Condemned Georgia man loses clemency bid after lawyers cite juror's racial bias

ATLANTA -- A Georgia prisoner who faces execution this week lost his bid for clemency Monday before the only state authority with the power to commute a death sentence.

Keith Leroy Tharpe, known to friends and family as Bo, is scheduled to die at 7 p.m. at the state prison in Jackson for the September 1990 slaying of Jacquelyn Freeman.

Tharpe stopped his estranged wife and sister-in-law as they drove to work and ordered them out of the car and then fatally shot Freeman.

Tharpe's lawyers have asked the courts to stop the execution, saying his death sentence is tainted by a juror's racial bias. Lawyers for the state have argued there's no evidence race affected jury deliberations.

After holding a closed-door hearing Monday, the 27th anniversary of Freeman's death, the State Board of Pardons and Paroles declined to grant him clemency. Consistent with its normal practice, the board gave no reason for its decision.

Tharpe still has requests pending before the U.S. Supreme Court and a state court to halt the execution.

In a clemency application that was declassified Friday, Tharpe's lawyers detailed a tough childhood and an extensive history of substance abuse that they say included getting black-out drunk by age 10 and a debilitating crack cocaine habit.

Tharpe's wife left him Aug. 28, 1990, taking their four daughters with her to live with her mother.

His addiction coupled with intellectual disabilities dating to childhood left him unable to deal effectively with the stress of losing his family, his lawyers wrote in the clemency application.

He drank and smoked crack until early on Sept. 25, 1990, his lawyers wrote. As his wife was driving to work with her brother's wife that morning, he used a borrowed truck to block them. He got out armed with a shotgun and ended up killing Freeman.

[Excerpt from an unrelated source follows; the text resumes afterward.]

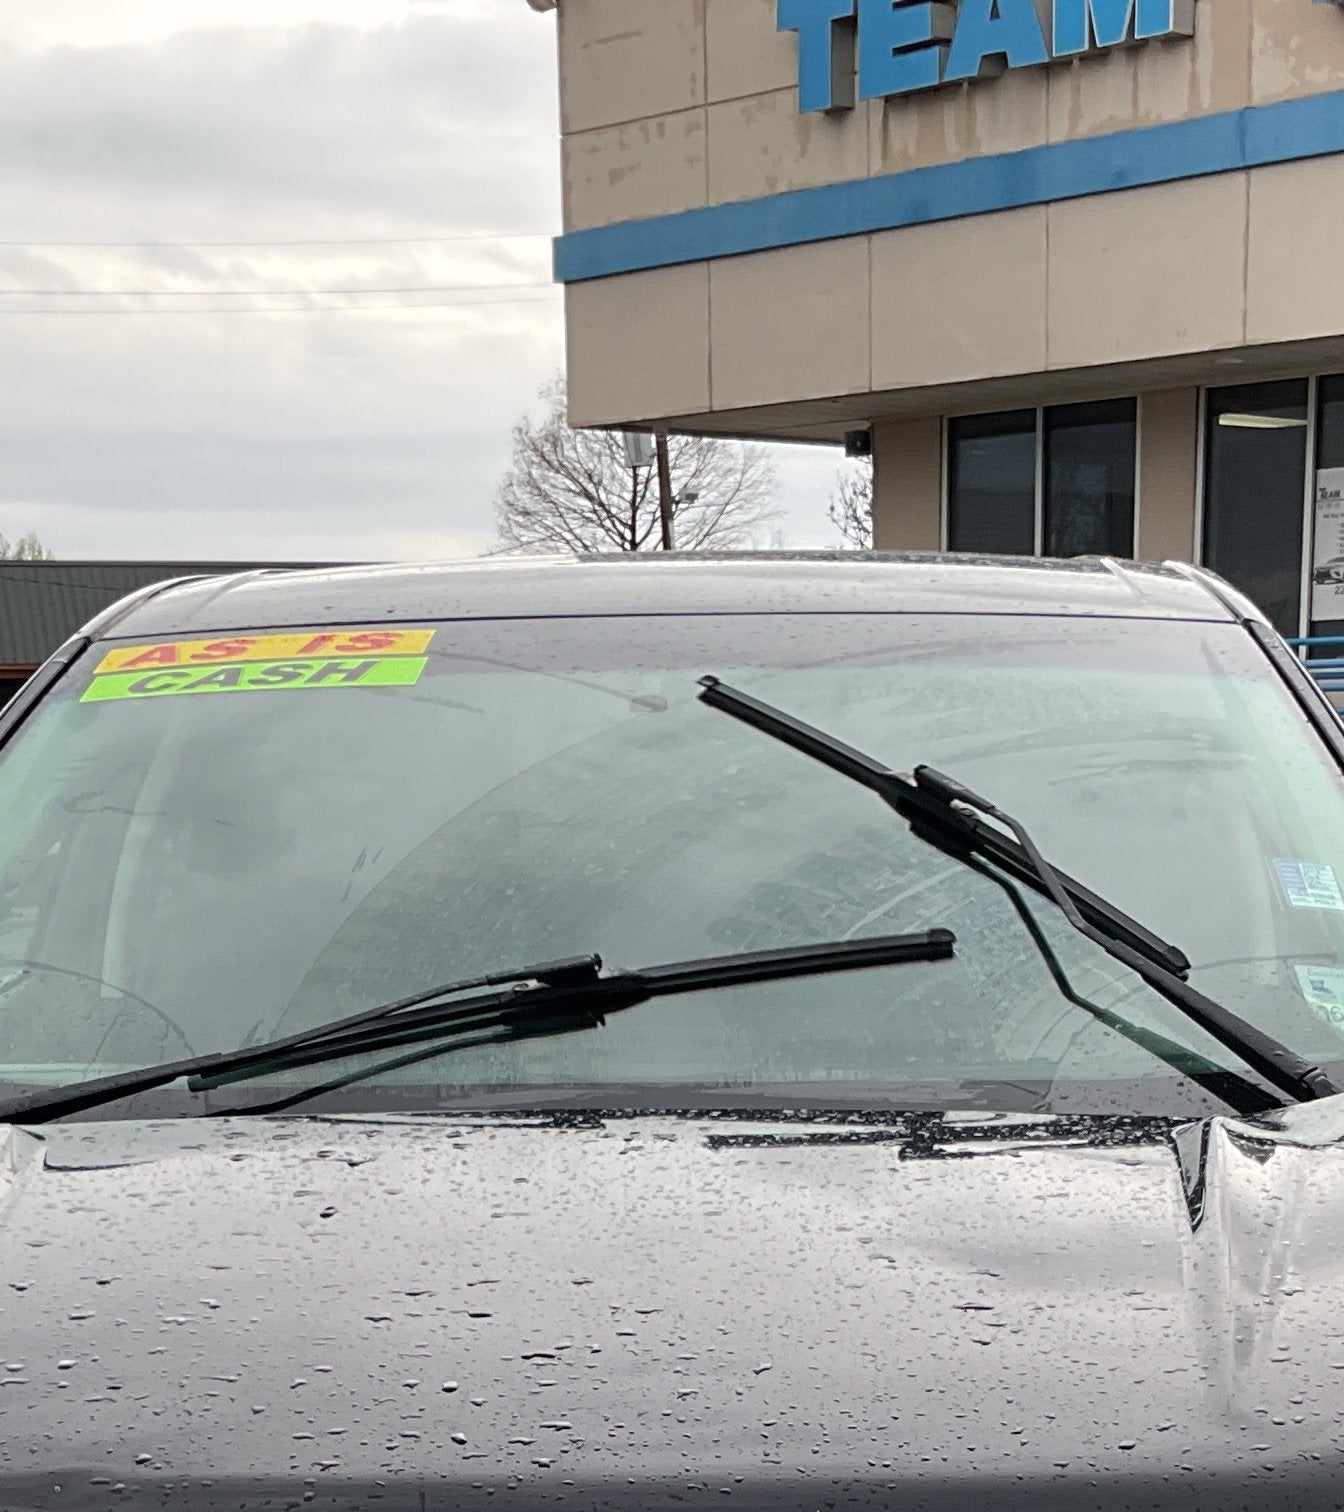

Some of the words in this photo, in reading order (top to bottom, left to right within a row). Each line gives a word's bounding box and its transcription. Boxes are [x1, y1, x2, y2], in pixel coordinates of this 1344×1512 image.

Tharpe went to trial in Jones County a little more than three months after the killing and was convicted and sentenced to death

In the clemency application, his lawyers describe a changed man who has kicked his addictions, devoted his life to God and sought to help improve the lives of others while also developing deep remorse.

"He wishes more than anything he could take back that day and give back Mrs. Freeman's life," Tharpe's lawyers wrote.

The clemency application included testimonials from Tharpe's mother, one of his daughters, other family members, prison staff, clergy members and friends.

His lawyers also asked the parole board to consider their assertion that his death sentence is tainted by the racial bias of a juror who freely used a racial slur in conversations with Tharpe's legal team more than seven years after the trial. Barney Gattie, who has since died, said Freeman came from a family of "nice black folks" and Tharpe "wasn't in the 'good' black folks category in my book" and so should be executed for what he did, according to an affidavit he signed in May 1998.

"After studying the Bible, I have wondered if black people even have souls," Gattie said in the affidavit.

State lawyers met with Gattie two days after he signed that affidavit and he walked back much of what he'd said, ultimately saying race wasn't an issue during jury deliberations and that he voted for a death sentence because of the evidence against Tharpe, not because of his race.

A federal judge earlier this month declined to reopen Tharpe's case, and a three-judge panel of the 11th U.S. Circuit Court of Appeals on Thursday rejected his appeal. But the panel said that in light of U.S. Supreme Court decision earlier this year on racial prejudice in jury deliberations, Tharpe must make those arguments in state court first.

If executed, Tharpe would be the second inmate put to death in Georgia this year.